The opening to the play set the scene as audiences took their seats. We were introduced to a hologram of the ‘Wall of Death’ ride and the background music of fun fair rides accompanied by stereotypical childish screams. The ‘Wall of Death’ was in reference to a Fun Fair motorbike attraction that caused the character Levi’s wife to pass and the build to the play was based around recreating the act for money towards the failing fair. Essex played his character well, engaging in audience communication and often finding times to come out of the role to give a cheeky glance towards the audience who all seemed to be adoring fans. At this point, I realised that the majority of the theatre crowd were over 50 years old and were fully satisfied with Essex’s multiple solo numbers such as ‘It’s Gonna Be Alright’ and whistled at the slightest sexual innuendo’s. It was clear that Essex was in his element maintaining a strong performance and lavishing the female attention.

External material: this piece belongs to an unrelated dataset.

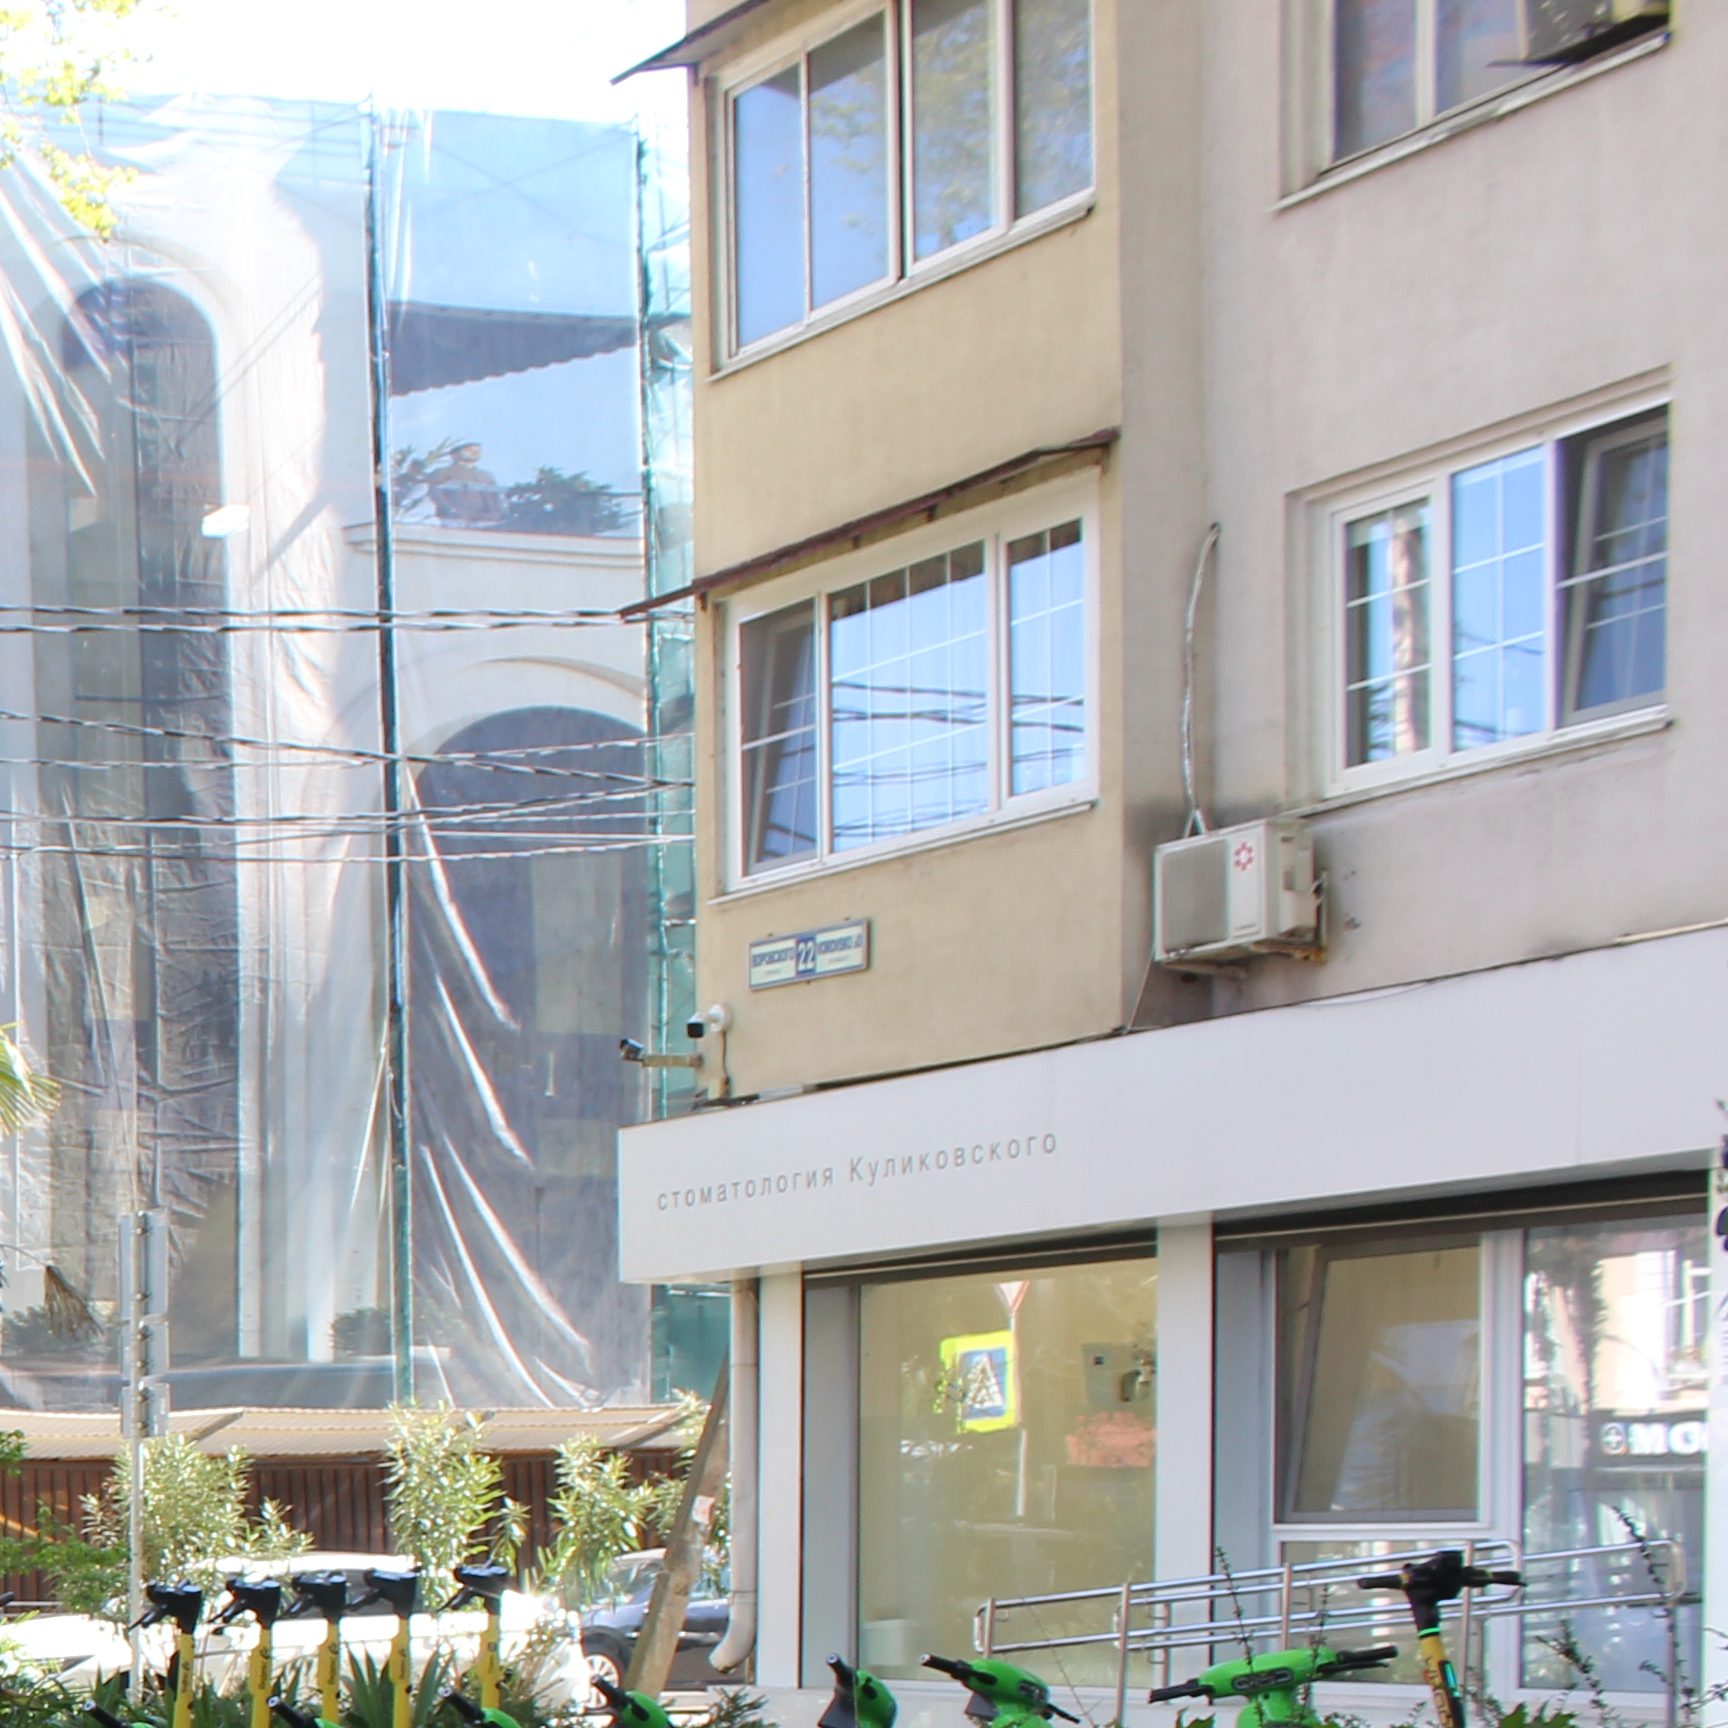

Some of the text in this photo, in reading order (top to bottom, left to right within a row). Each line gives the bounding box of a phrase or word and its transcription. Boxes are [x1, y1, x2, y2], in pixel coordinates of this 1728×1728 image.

Rob Compton played the role of Levi’s son, a cheeky chap who like all boys is rebellious and dreams of bigger things. His performance was eye catching but also sceptical at some points. He added humour to the production as he declared his love for multiple women and Compton also withheld an exceptional London cockney accent throughout the musical. I then realised the struggles of the cockney accent as the musical numbers began to take place. It was clear that the background music and vocals were being utilised to hide the struggles of having to sing with it, giving the impression that Compton had weak vocals. This proved untrue by the end of the play in the musical number ‘Silver Dream Machine’.
Levi’s apparent love interest, Fortune Teller Rosa, was brilliantly displayed by Louise English. As the first character we are introduced to, she gives a dramatic opening in her number ‘A Winter’s Tale’. Her voice echoed through the theatre creating a chilling atmosphere that made even me captivated by her distinct tone. Her relationships with the other characters were clear by her constant looks and glares even when she wasn’t centre stage. I was impressed by her dedication to the single mother gypsy role.
The character that really stole the show was Johnny played exceptionally by ‘Tim Newman’. The audience were clearly in agreement as the standing ovation was initiated by his presence. He added wit and entertainment as he fulfilled the role of a mentally disabled orphan working at the fair. His voice was the best by far and I am sure that his clear vibrato could be heard even from outside the theatre particularly in the number ‘Make you a star’. His mannerisms and stage movements were impeccable and I believe that without him the show would have lacked a certain ‘lift’.
The main villain was performed by David Burrows who caused a rather pantomimic ‘boo’ as he took his bow at the end of the production. He played the character of Harvey whose daughter was in a relationship with Jack to his dismay. He created a few laughs by presenting the stereotypical father figure stating “I am just a hotel, a taxi service and a bank as far as your concerned!” His performance was specifically realistic during the duet with his daughter Alice ‘Stay, Young And Free’ as he belted out his lyrics in relation to his raging mood.
All the Fun of the Fair is a great fun filled musical with plenty of laughs and surprises. With the songs all written by David Essex, I suggest that it would be a great evening out with your Nan or Mother but also works as a great family trip. The set is spectacular and the dance numbers are synchronised to perfection. Watch out for the number ‘Here We Are Together’ in the first act as the set is mind blowing. Though I would not recommend watching it twice, if you like a bit of toe tapping, bright lights, fairground fun and most importantly David Essex this is the musical for you.